The Amazing Bread recipe I posted here a few years ago has mutated over time (as recipes do). Compared to that earlier version, I’m now using half the ingredients, mixing them in a different order, and ending up with a better result.
This is the simplest – and at the same time possibly the best – bread recipe I have ever made. No kneading, no bread machine, and you get good bakery-quality bread for something like $1 per loaf, assuming you’re buying flour in 5kg bags. Here’s a handy how-to video:
If you’re more textually inclined, read on. You will need:
- 2 + 2/3 cups warm water
- 2 tsp salt
- 1/2 tsp yeast
- 5-6 cups plain flour
- A little bit of extra flour – rice flour is excellent, but whatever you’ve got handy will be fine
- A cast iron pot with lid (or possibly a casserole dish if you don’t have a suitable pot)
- Patience, because you have to leave the dough overnight – this is not instant gratification bread, but it’s worth the wait
Put the water in a bowl, sprinkle in the salt and yeast, and stir until everything is dissolved. Add the flour – you want somewhere between 5 and 6 cups, the aim being to create quite a sloppy dough. Mix it all together with your hands, but just for long enough so that it’s even. More flour gives a firm dough which in turn will result in a very dense loaf, whereas less flour makes for fluffier bread, so really the moister the better (Morgan insists that “moister” is not a word, but I think it’s perfectly cromulent). If the dough sticks annoyingly to your hands, it’s a good sign.

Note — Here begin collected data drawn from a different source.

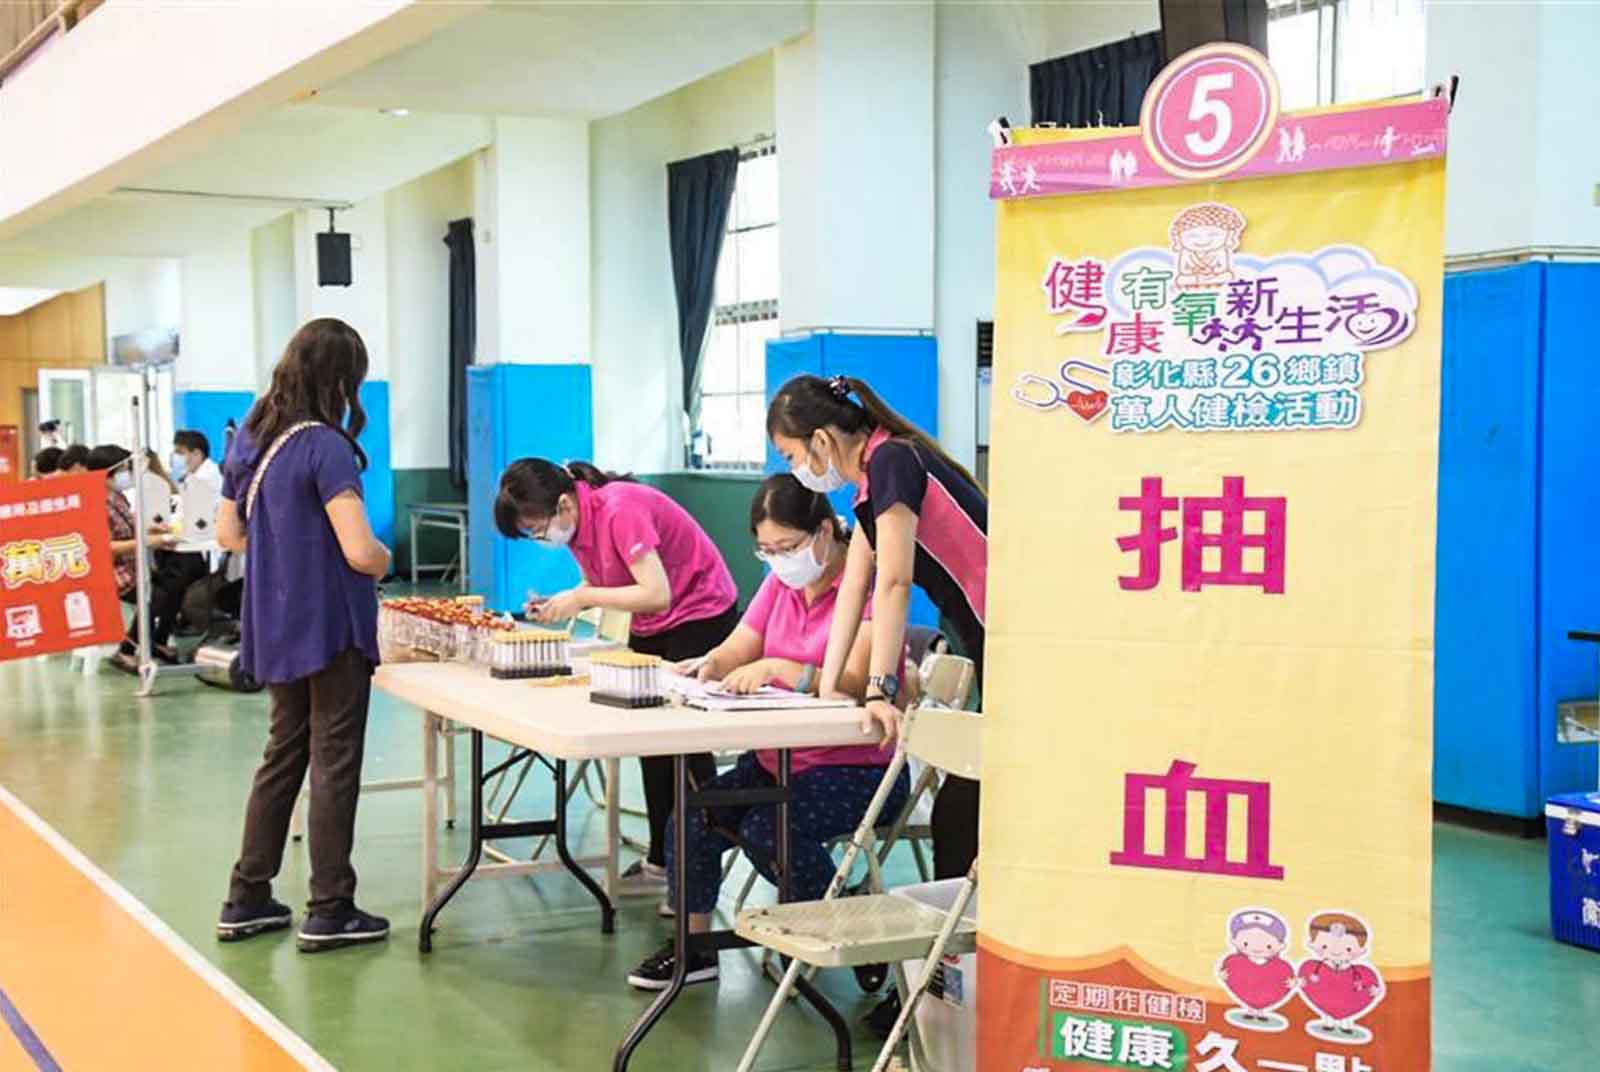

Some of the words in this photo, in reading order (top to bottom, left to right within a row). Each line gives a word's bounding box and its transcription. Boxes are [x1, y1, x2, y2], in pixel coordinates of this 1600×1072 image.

[1184, 73, 1233, 155] 5
[1112, 390, 1360, 428] 萬人健檢活動
[2, 536, 87, 585] 萬元
[1052, 981, 1205, 1022] 定期作健檢
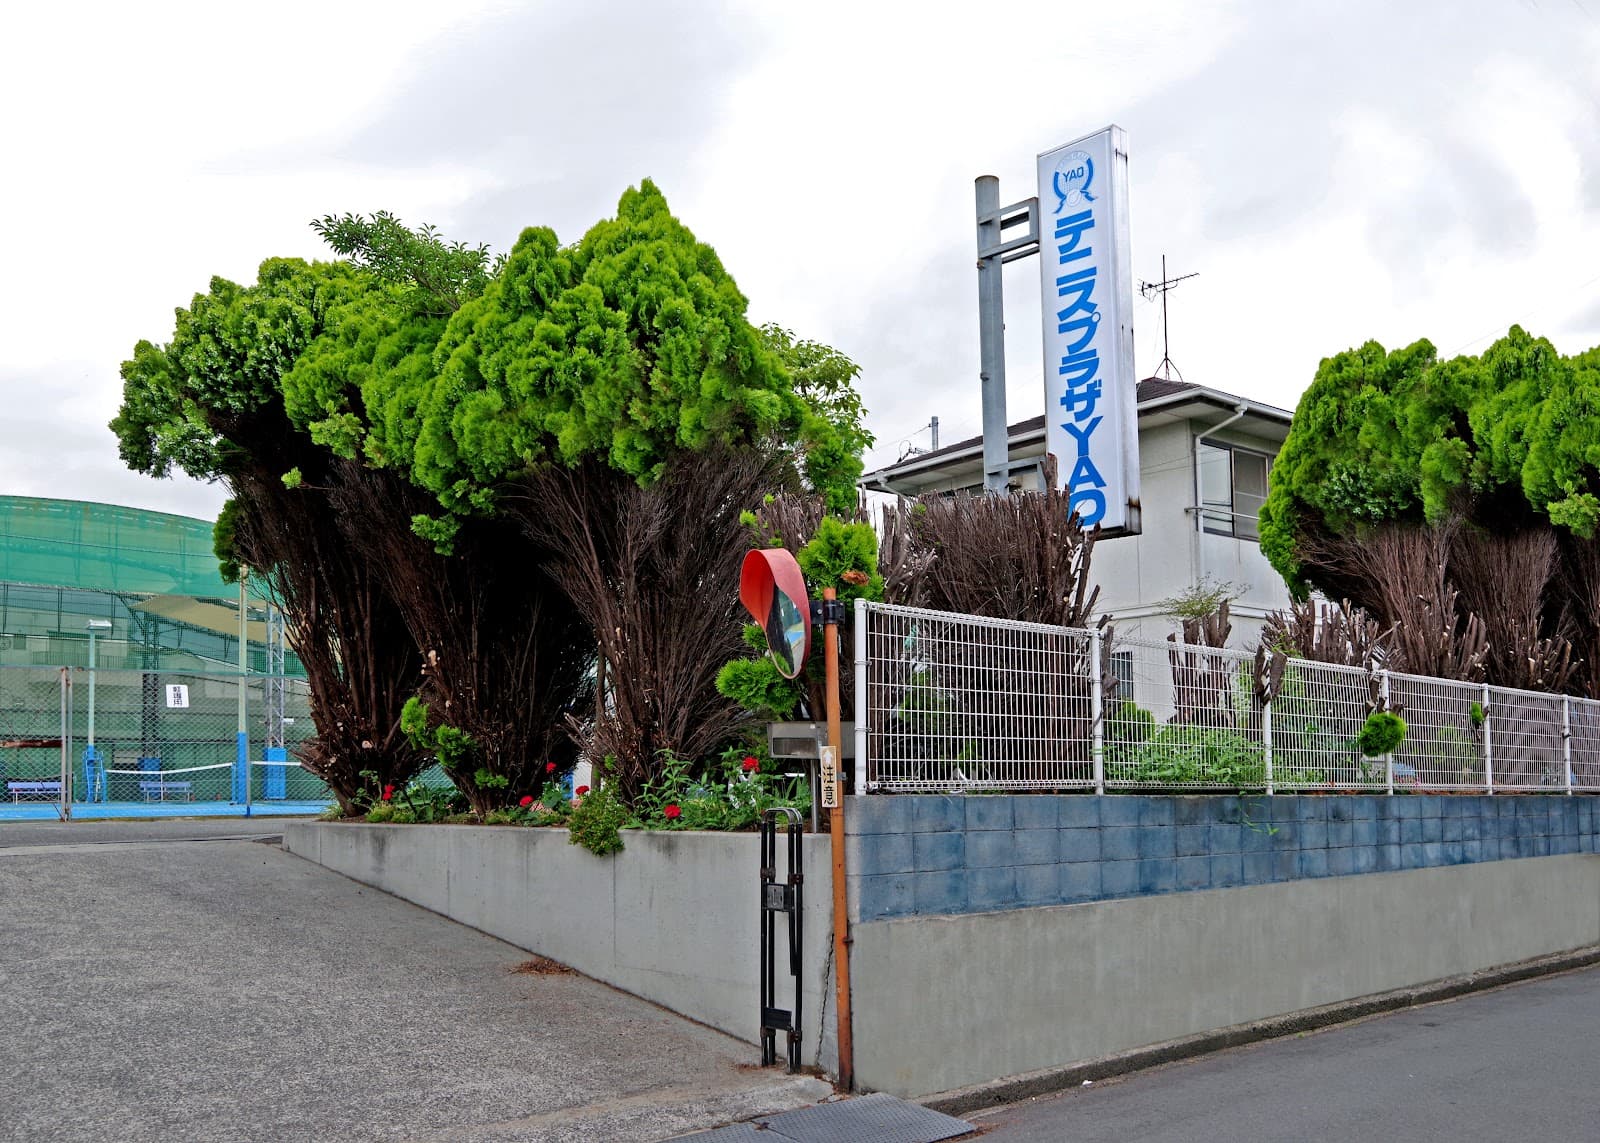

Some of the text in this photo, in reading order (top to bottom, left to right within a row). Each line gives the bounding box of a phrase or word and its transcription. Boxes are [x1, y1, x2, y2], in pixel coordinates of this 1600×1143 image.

[1062, 166, 1084, 182] YAO
[1054, 208, 1107, 527] テニスプラザYAO
[823, 764, 834, 805] 注意

Once the dough is mixed, cover the bowl with a damp tea towel and put it in a warm place for 18-24 hours. On top of (or even inside) a rack of computer equipment is ideal, but if you don’t have one of those, a warmish room will work fine. The tea towel will dry out eventually, so make sure to keep it damp, say, with a spray bottle of water, or just take the towel off the bowl and run it under a tap.
After 18-24 hours, tip and/or scrape the dough out of the bowl, and roll it around in some more flour. Bonus points for folding it a bit and ending up with a nice round ball shape. Rice flour is excellent for this part of the process, because it gives the loaf a nice golden outer crust. Put the dough back in the bowl under the tea towel for about another hour.

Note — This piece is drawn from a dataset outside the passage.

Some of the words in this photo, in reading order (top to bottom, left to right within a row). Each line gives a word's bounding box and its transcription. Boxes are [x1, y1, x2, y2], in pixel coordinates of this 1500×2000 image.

Finally, the baking. Put a cast iron pot with lid in the oven and preheat to 250°C. If your oven won’t go that high, just put it on maximum. Once oven and pot are nice and hot, wrangle the dough into it, put the lid on, and bake for 35-45 minutes. I usually set a timer for 35 minutes, then pull the bread out and stab it with a knife to see if it’s done. If the knife comes out clean, you’re good. If there’s a bit of sticky stuff on the knife, return the bread to the oven for another 5-10 minutes.
Once it’s done, take the loaf out and let it cool on a rack for a little while, then eat and enjoy!